- 38°42′44″N 9°08′02″W﻿ / ﻿38.7122204°N 9.1339731°W
- Location: Portugal
- Region: Lisbon metropolitan area

= Olisipo =

Lisbon, Portugal in Roman times

Municipium Cives Romanorum Felicitas Julia Olisipo (in Latin: Olisippo or Ulyssippo; in Greek: Ὀλισσιπών, Olissipṓn, or Ὀλισσιπόνα, Olissipóna) was the ancient name of modern-day Lisbon while it was part of the Roman Empire.

==Background==

Roman Hispania (Iberia) in approx. 10 AD

During the Punic Wars, after the defeat of Hannibal, the Romans decided to deprive Carthage of its most valuable possession, Hispania. After the defeat of the Carthaginians by Scipio Africanus in eastern Hispania, the pacification of western Hispania was led by Consul Decimus Junius Brutus Callaicus.
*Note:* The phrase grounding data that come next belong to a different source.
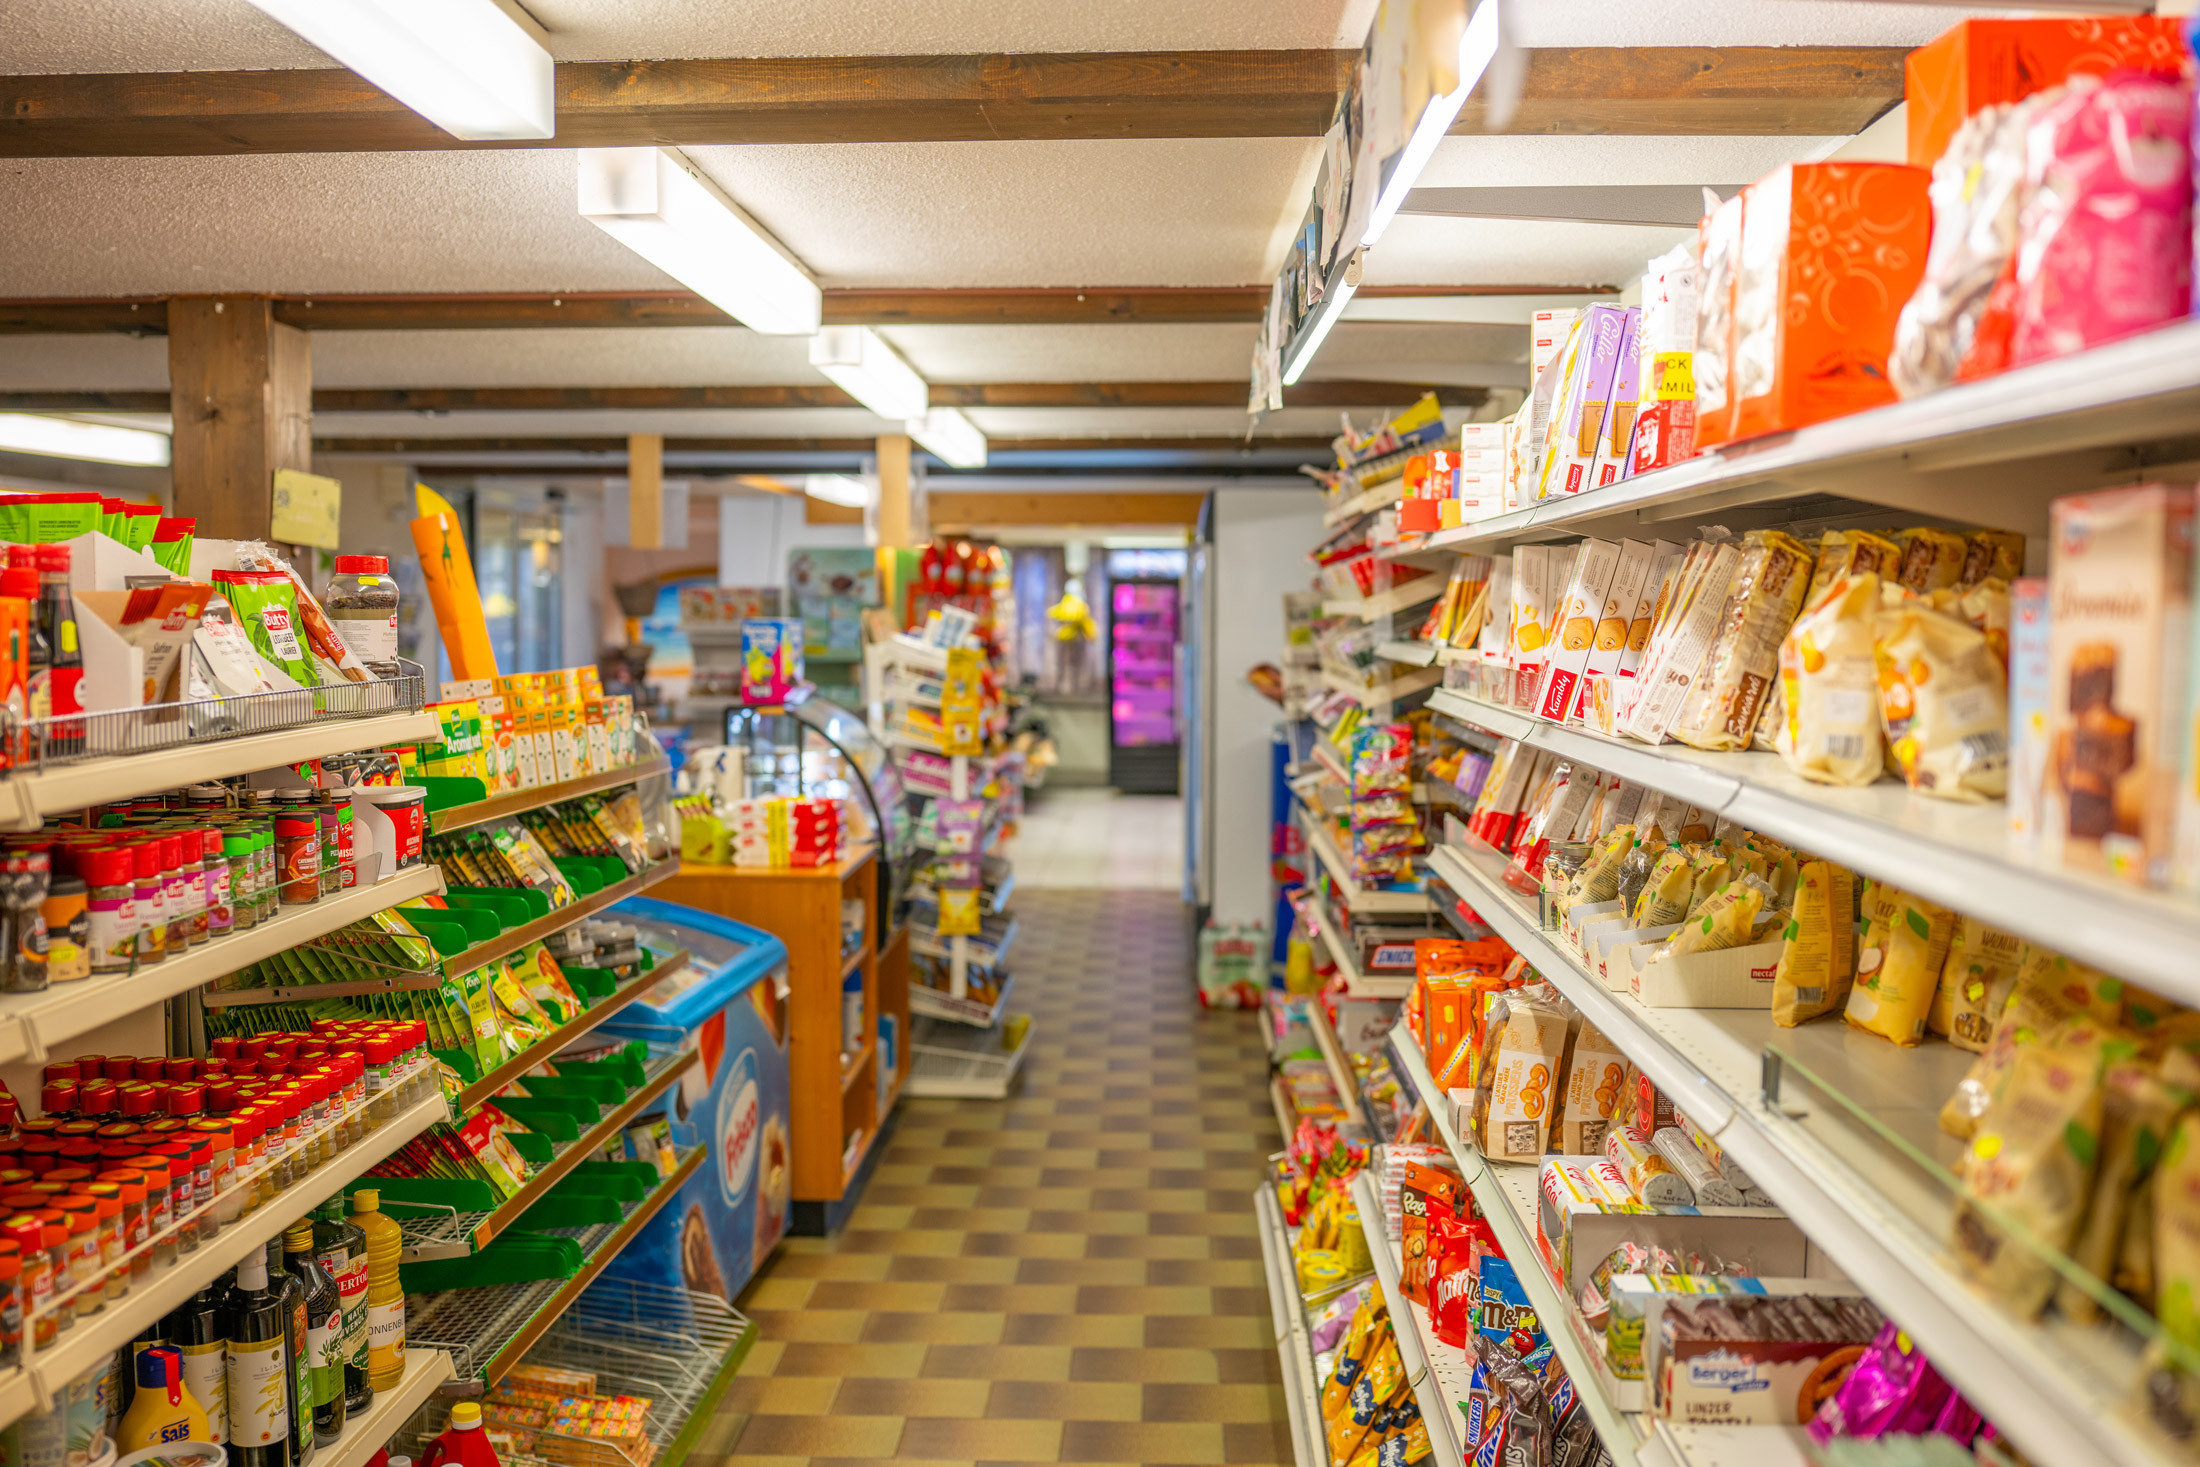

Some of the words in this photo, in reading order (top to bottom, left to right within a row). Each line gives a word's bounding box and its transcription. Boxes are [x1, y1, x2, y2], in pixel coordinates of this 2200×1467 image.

[1597, 313, 1620, 365] Cailler
[1662, 359, 1687, 370] CK
[263, 611, 290, 627] Butty
[1504, 1059, 1524, 1116] PRUSSIENS
[1403, 1192, 1426, 1217] Rag
[1693, 1366, 1748, 1381] Berger
[1686, 1402, 1732, 1415] LINZER
[1468, 1397, 1483, 1446] SNICKERS
[161, 1424, 190, 1444] Sais
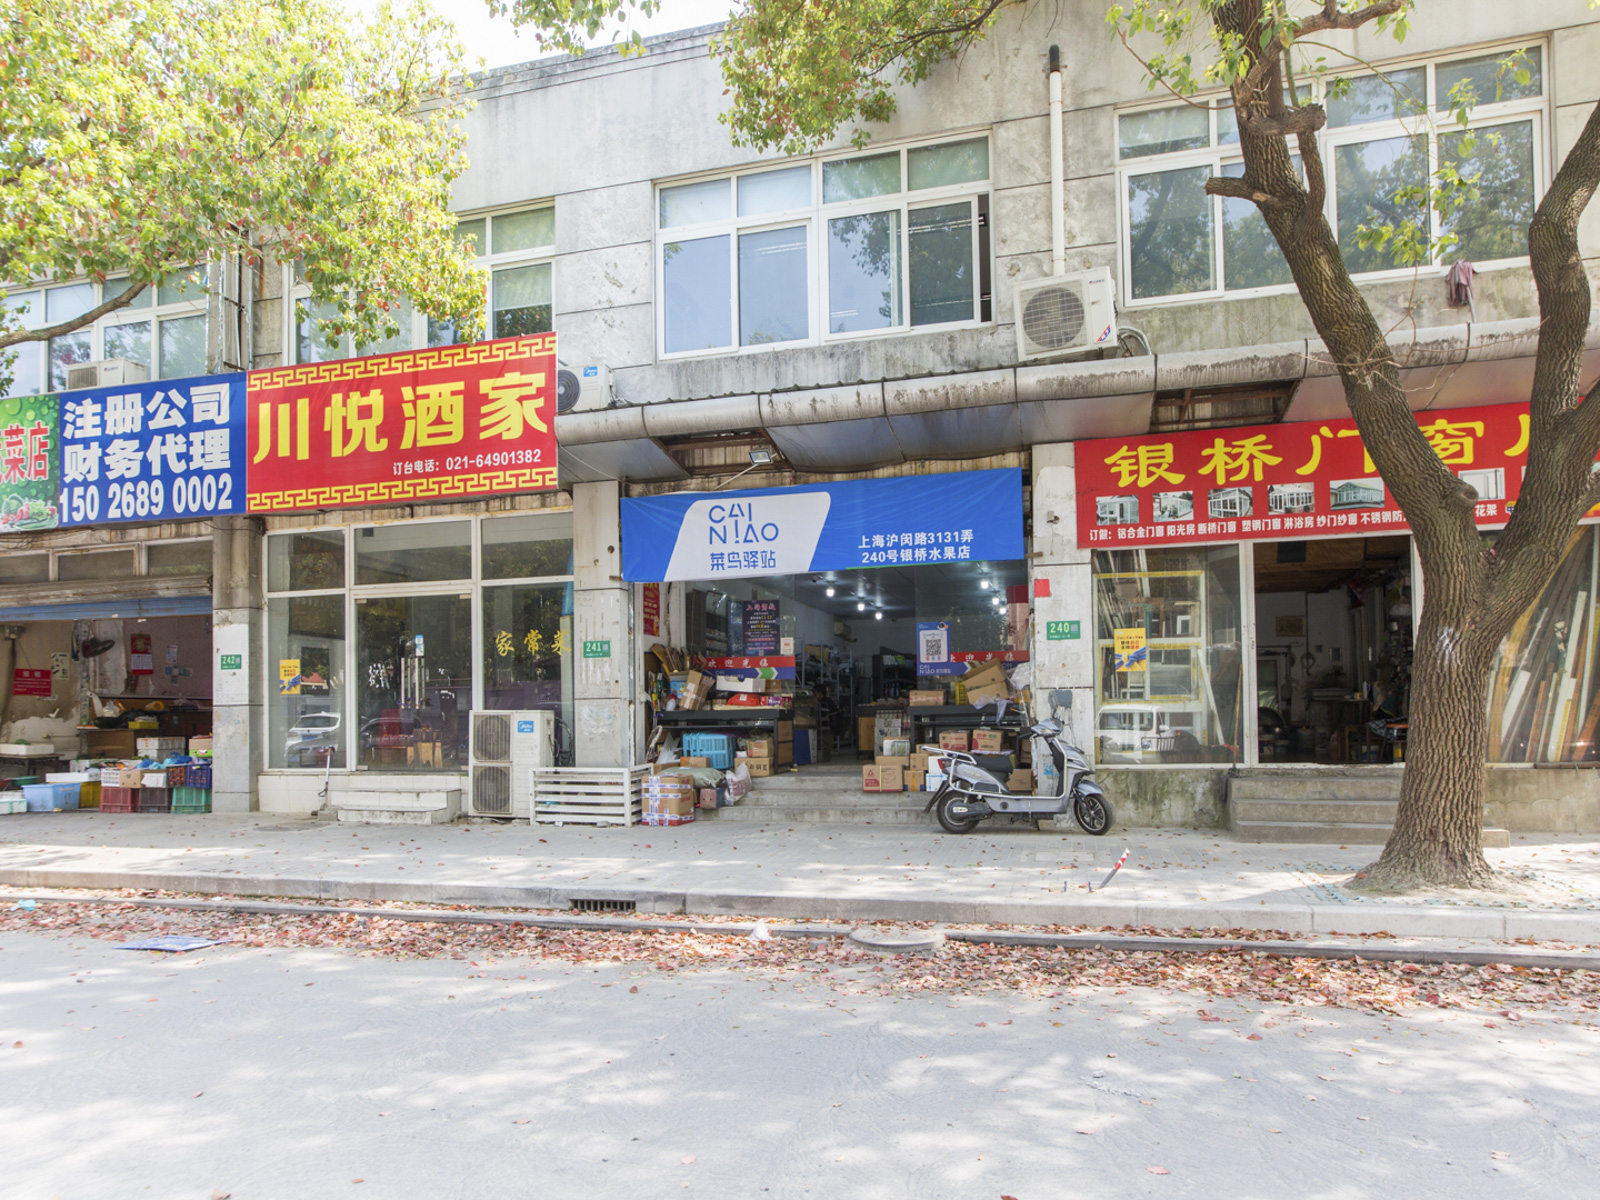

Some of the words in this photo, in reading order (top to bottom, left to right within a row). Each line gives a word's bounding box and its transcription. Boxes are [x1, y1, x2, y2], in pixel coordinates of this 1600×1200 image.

[62, 382, 230, 440] 注册公司
[253, 371, 548, 465] 川悦酒家
[0, 421, 49, 484] 菜店
[62, 428, 231, 484] 财务代理
[1103, 412, 1531, 488] 银桥门窗
[59, 486, 100, 523] 150
[107, 479, 164, 519] 2689
[172, 472, 232, 514] 0002
[708, 502, 753, 525] CAI
[1166, 522, 1196, 537] 阳光房
[1283, 515, 1314, 530] 淋浴房
[1316, 512, 1358, 528] 纱门纱窗
[1360, 510, 1407, 525] 不锈钢防
[1474, 503, 1498, 518] 花架
[857, 528, 974, 550] 上海沪闵路3131弄
[709, 549, 777, 572] 菜鸟驿站
[861, 545, 972, 564] 240号银桥水果店
[1050, 622, 1070, 633] 240
[495, 629, 573, 656] 家常菜
[586, 641, 602, 652] 241
[222, 655, 235, 665] 242
[707, 658, 769, 669] 欢迎光临
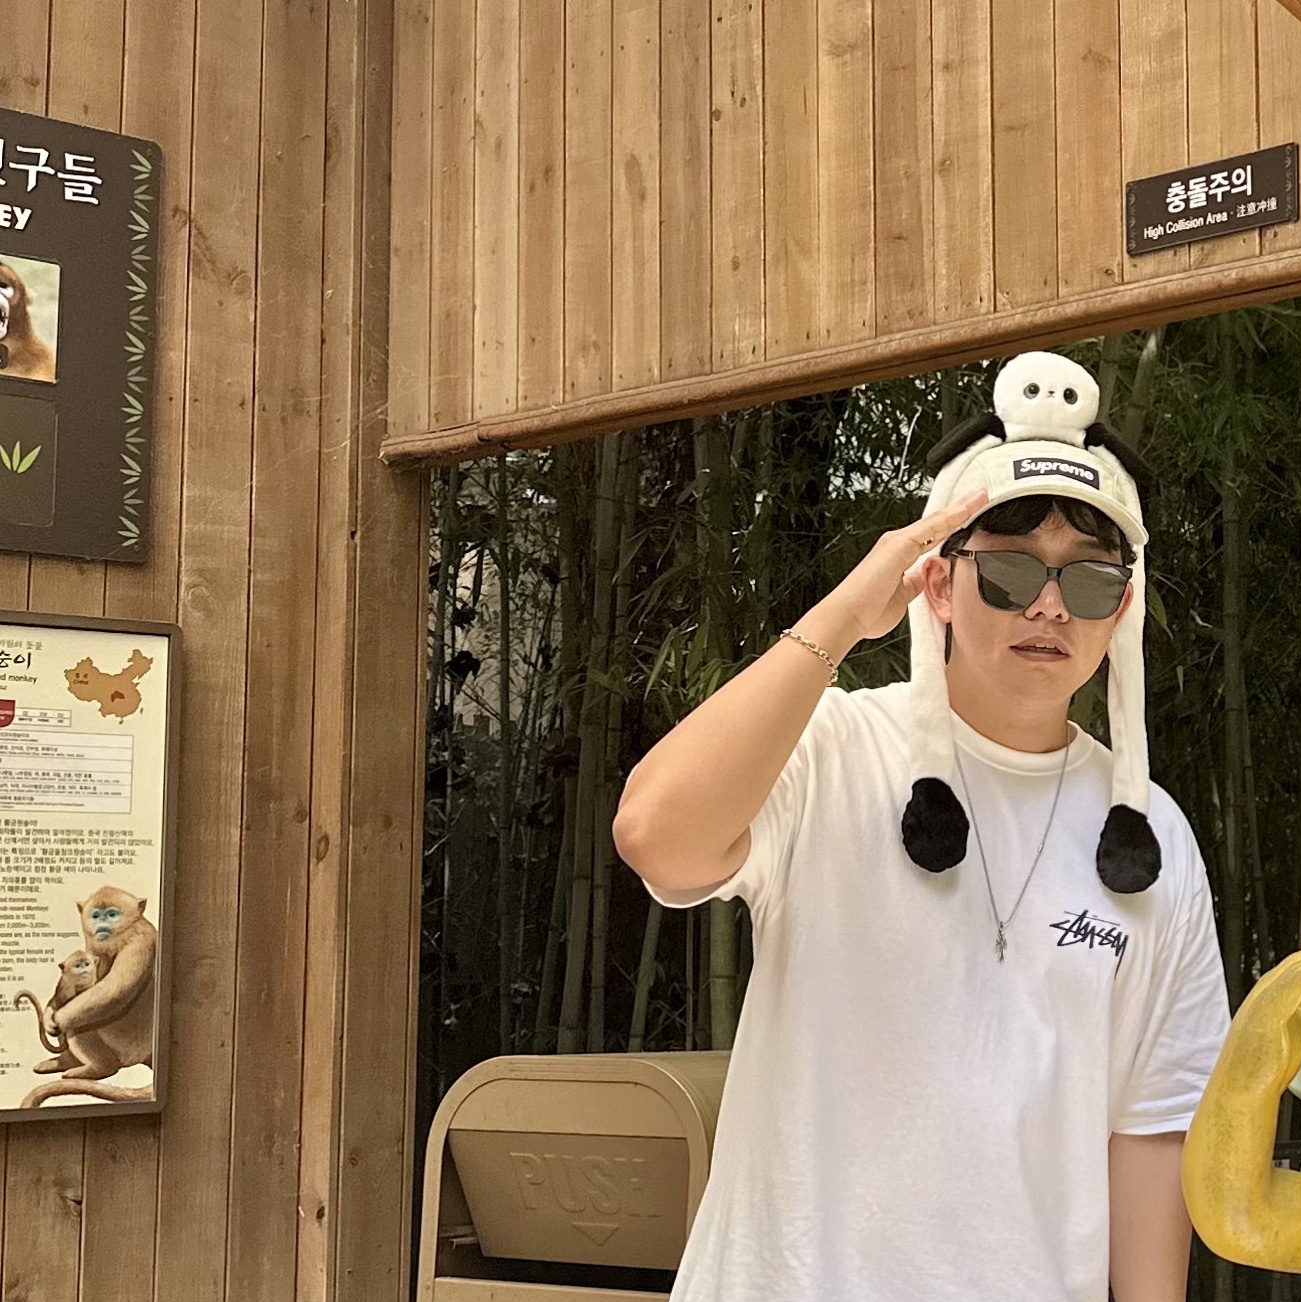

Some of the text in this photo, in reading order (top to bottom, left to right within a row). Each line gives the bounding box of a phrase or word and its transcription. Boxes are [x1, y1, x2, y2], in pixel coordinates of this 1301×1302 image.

[1166, 165, 1252, 213] 충돌주의
[1143, 210, 1228, 240] High Collision Area
[1020, 459, 1095, 481] Supreme
[9, 675, 38, 685] monkey
[509, 1151, 661, 1219] PUSH
He obtained the alliance of Olisipo (which sent men to fight alongside the Roman legions against the northwestern Celtic tribes) by integrating it into the Roman Republic in 138 BC. Decimus Junius Brutus Callaicus also fortified the city, building city walls as a defence against Lusitanian raids and rebellions.

Between 31 BC and 27 BC the city became a municipium. Local authorities were granted self-rule over a territory that extended 50 km. Exempt from taxes, its citizens (belonging to the Galeria tribe) were given the privileges of Roman citizenship (Cives Romani), and the city was integrated within the Roman province of Lusitania (whose capital was Emerita Augusta).

Among the majority of Latin speakers lived a large minority of Greek traders and slaves. Lisbon's name was written Ulyssippo in Latin by the geographer Pomponius Mela. The city population is estimated to have been around 30,000 at the time.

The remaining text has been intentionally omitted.